Instructions for the task:
A word-for-word copy of the entries is needed, and it should contain no images.

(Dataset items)
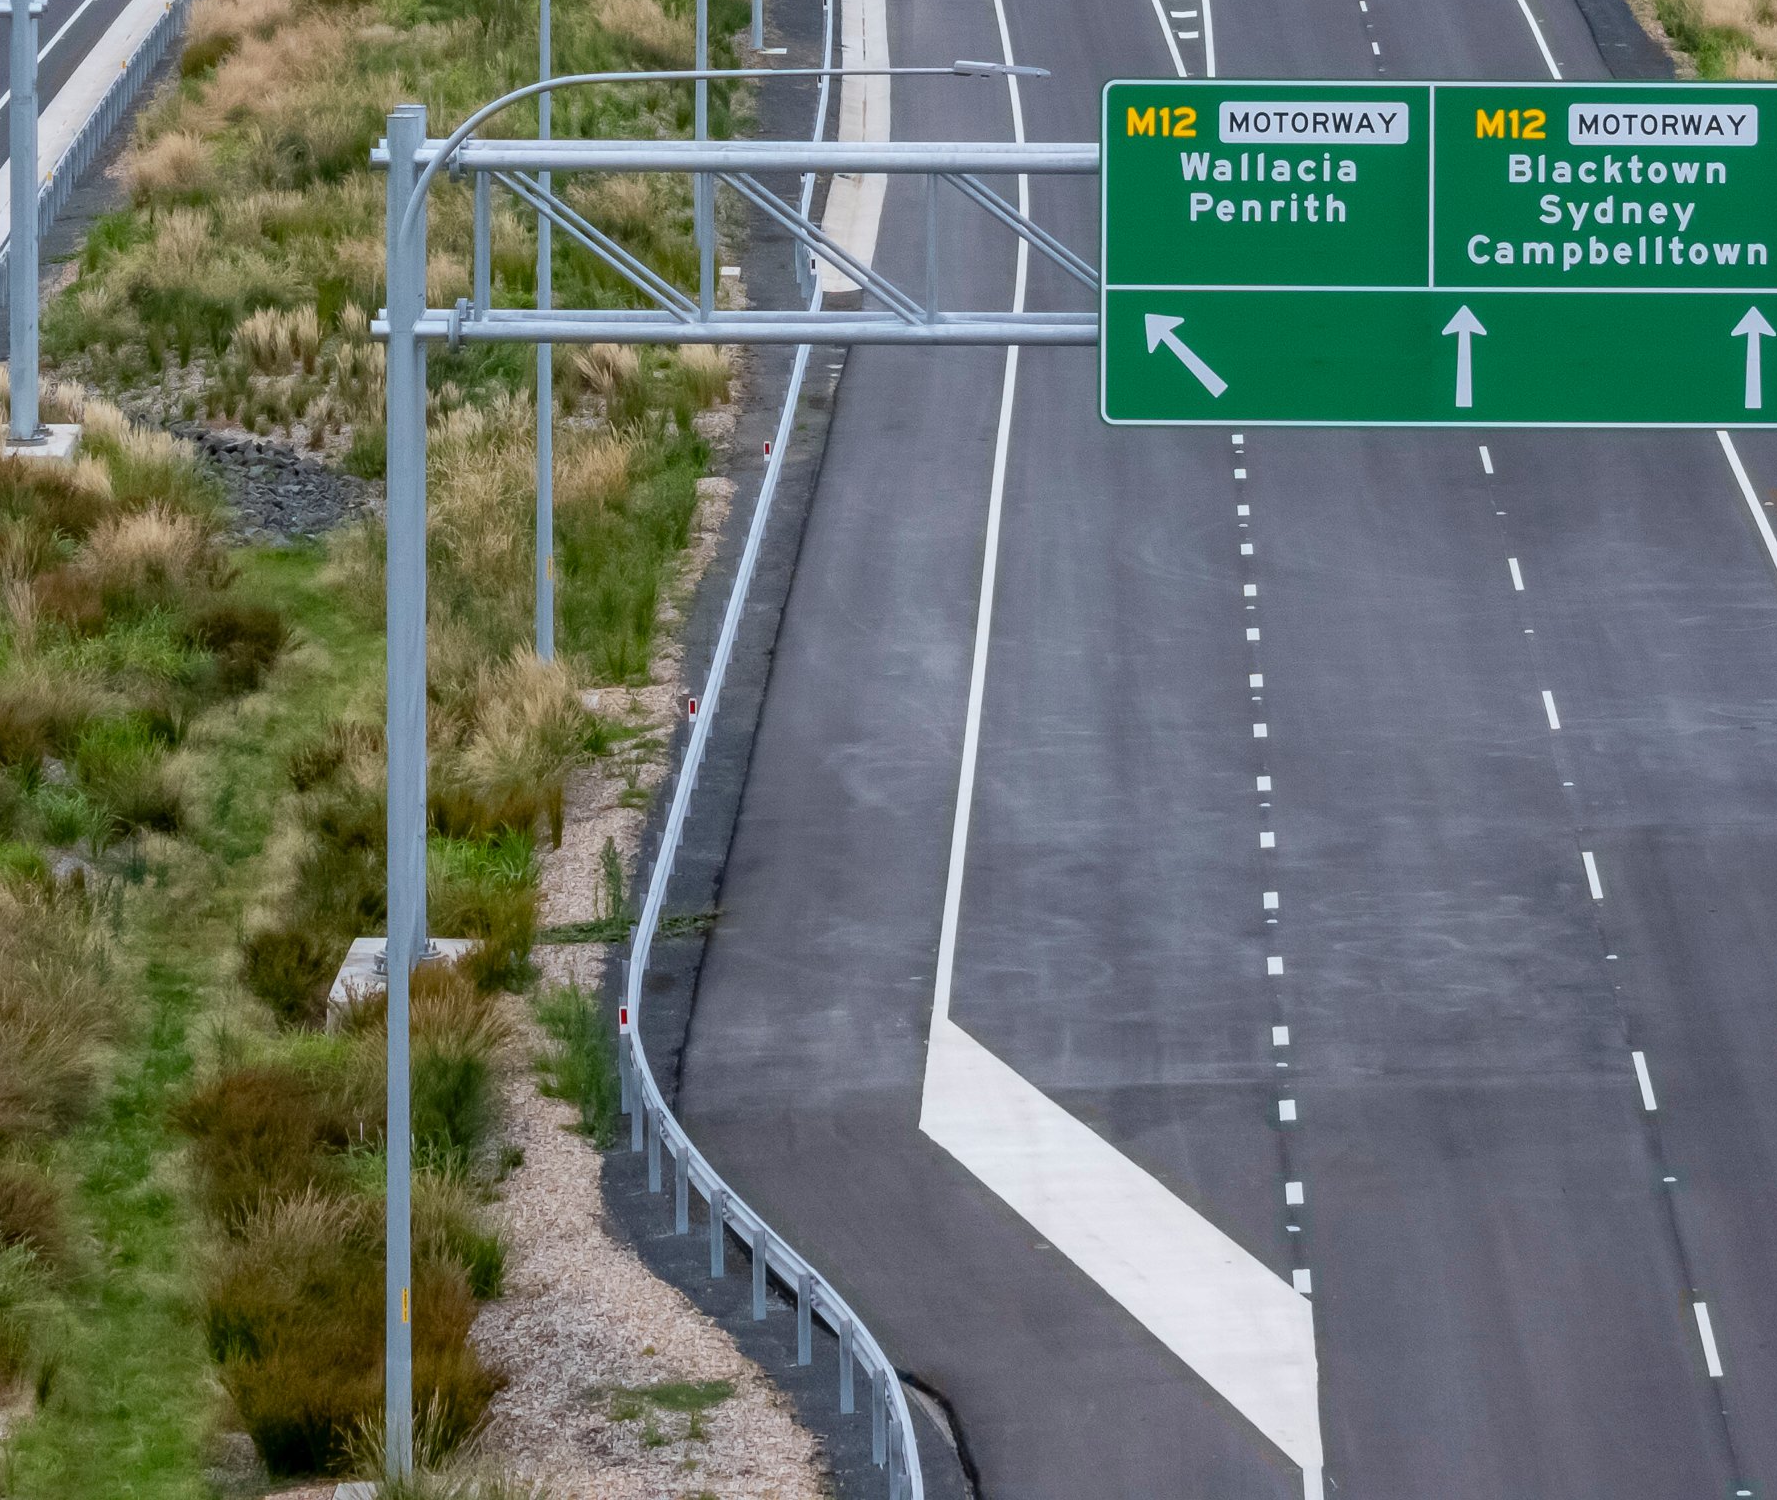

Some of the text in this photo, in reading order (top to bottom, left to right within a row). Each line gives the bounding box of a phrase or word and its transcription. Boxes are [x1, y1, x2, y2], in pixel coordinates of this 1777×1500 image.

[1127, 106, 1399, 137] M12 MOTORWAY
[1476, 108, 1747, 139] M12 MOTORWAY
[1180, 152, 1357, 183] Wallacia
[1508, 154, 1727, 185] Blacktown
[1190, 192, 1347, 223] Penrith
[1539, 194, 1696, 232] Sydney
[1467, 233, 1769, 271] Campbelltown

Answer to this exercise:
Some of the text in this photo, in reading order (top to bottom, left to right within a row). Each line gives the bounding box of a phrase or word and its transcription. Boxes are [x1, y1, x2, y2], in pixel coordinates of this 1777×1500 image.

[1127, 106, 1399, 137] M12 MOTORWAY
[1476, 108, 1747, 139] M12 MOTORWAY
[1180, 152, 1357, 183] Wallacia
[1508, 154, 1727, 185] Blacktown
[1190, 192, 1347, 223] Penrith
[1539, 194, 1696, 232] Sydney
[1467, 233, 1769, 271] Campbelltown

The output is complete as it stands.